_REQUIRED ACTION_
At the line containing "Some of the text", begin repeating lines exactly, and stop only after the final line of the records below.

Image-backed grounding data:
^^^^^^^^^^^^^^^^

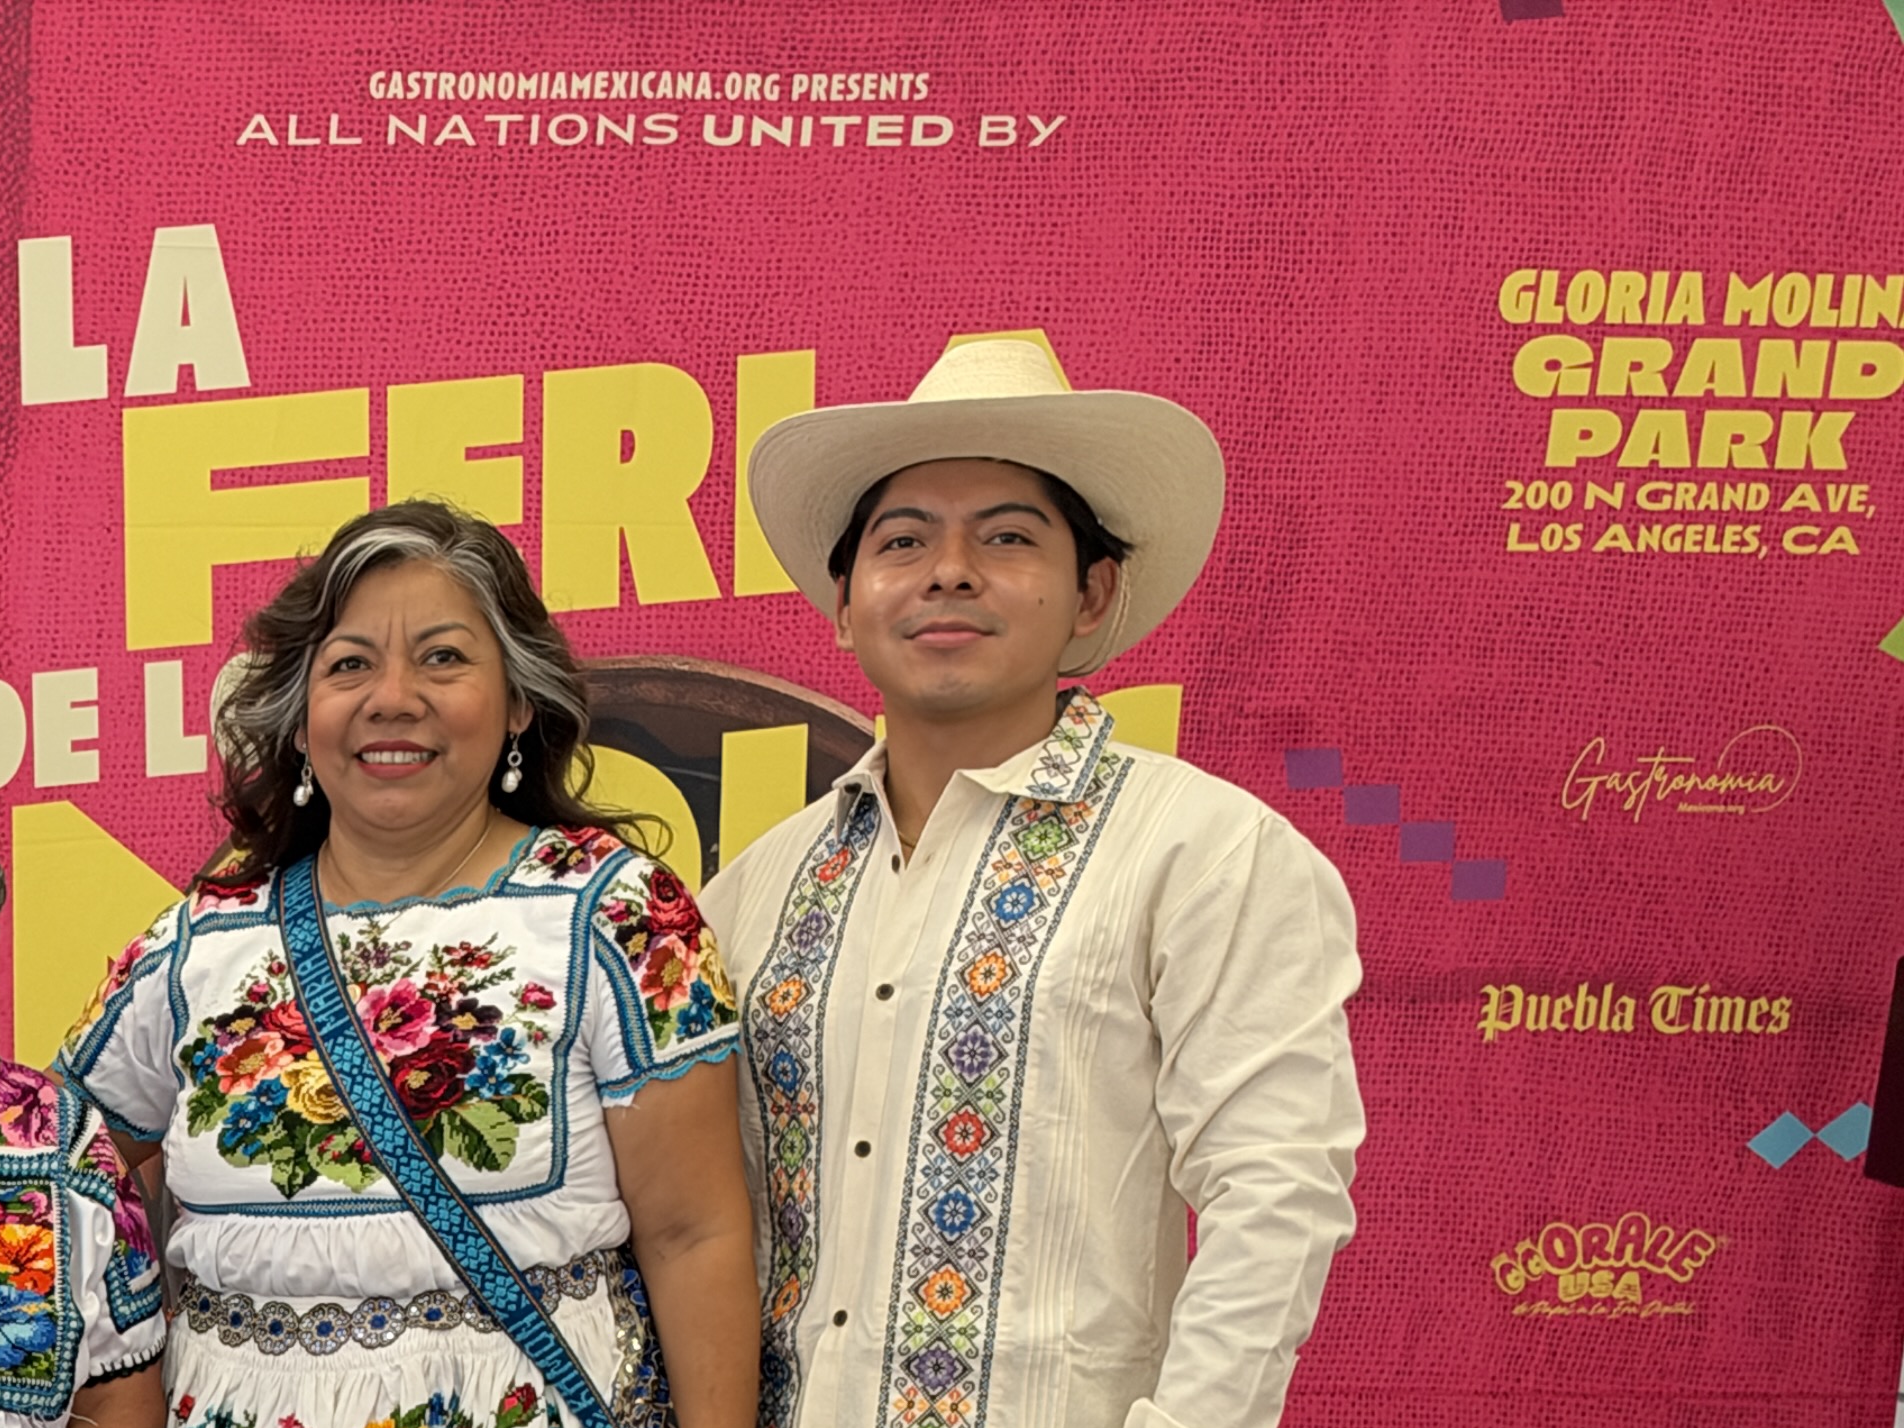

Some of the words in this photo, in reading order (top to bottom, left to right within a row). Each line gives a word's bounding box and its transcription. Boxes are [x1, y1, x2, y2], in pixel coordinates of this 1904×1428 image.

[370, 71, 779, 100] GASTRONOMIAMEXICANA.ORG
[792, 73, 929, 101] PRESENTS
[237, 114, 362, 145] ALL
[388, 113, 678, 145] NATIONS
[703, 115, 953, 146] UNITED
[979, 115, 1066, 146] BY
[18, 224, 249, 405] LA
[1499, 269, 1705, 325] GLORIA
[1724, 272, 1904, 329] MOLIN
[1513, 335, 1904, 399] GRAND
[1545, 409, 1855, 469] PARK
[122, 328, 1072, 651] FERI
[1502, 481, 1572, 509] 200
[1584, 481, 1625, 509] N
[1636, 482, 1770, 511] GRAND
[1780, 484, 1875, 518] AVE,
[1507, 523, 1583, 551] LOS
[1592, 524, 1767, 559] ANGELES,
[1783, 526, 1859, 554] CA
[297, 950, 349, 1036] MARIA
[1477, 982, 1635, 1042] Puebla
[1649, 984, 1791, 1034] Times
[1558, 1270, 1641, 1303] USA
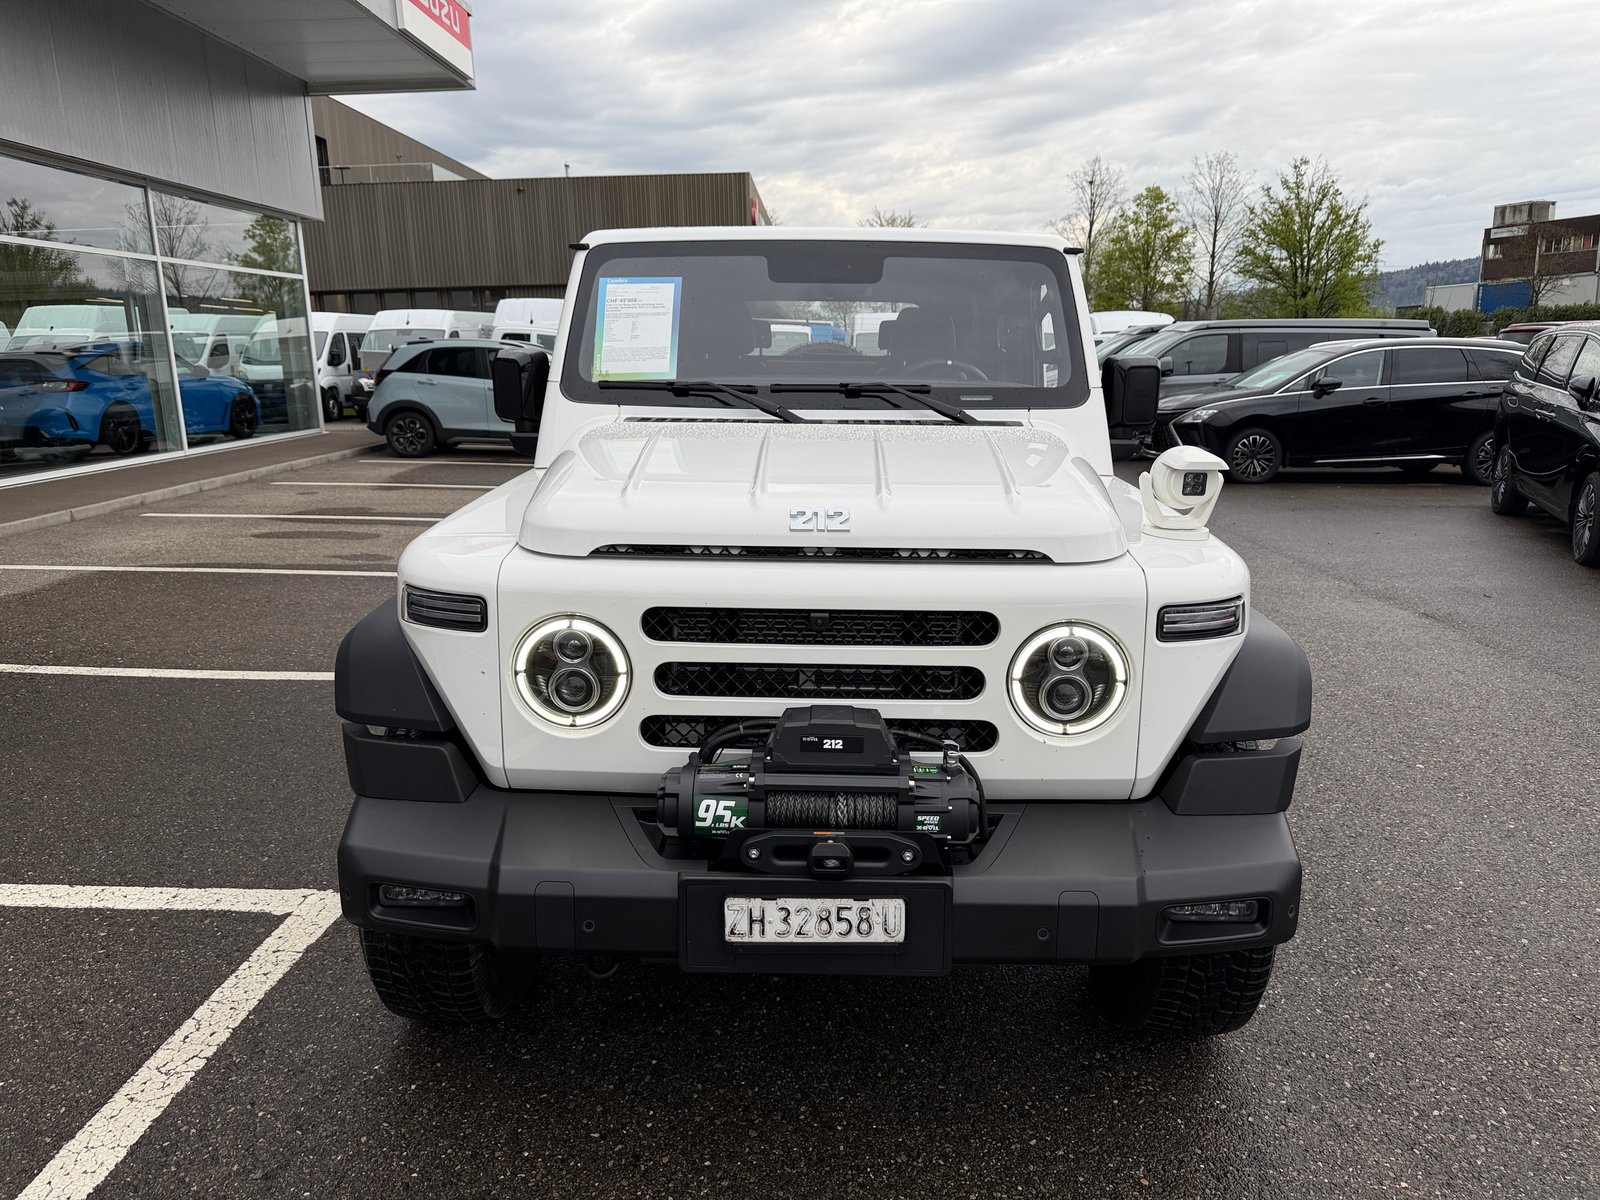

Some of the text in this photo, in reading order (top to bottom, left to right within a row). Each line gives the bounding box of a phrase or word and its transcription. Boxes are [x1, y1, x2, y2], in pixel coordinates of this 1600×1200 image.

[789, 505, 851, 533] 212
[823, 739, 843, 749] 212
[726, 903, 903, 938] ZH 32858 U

^^^^^^^^^^^^^^^^

_WRITTEN SOLUTION_
Some of the text in this photo, in reading order (top to bottom, left to right within a row). Each line gives the bounding box of a phrase or word and its transcription. Boxes are [x1, y1, x2, y2], in pixel coordinates of this 1600×1200 image.

[789, 505, 851, 533] 212
[823, 739, 843, 749] 212
[726, 903, 903, 938] ZH 32858 U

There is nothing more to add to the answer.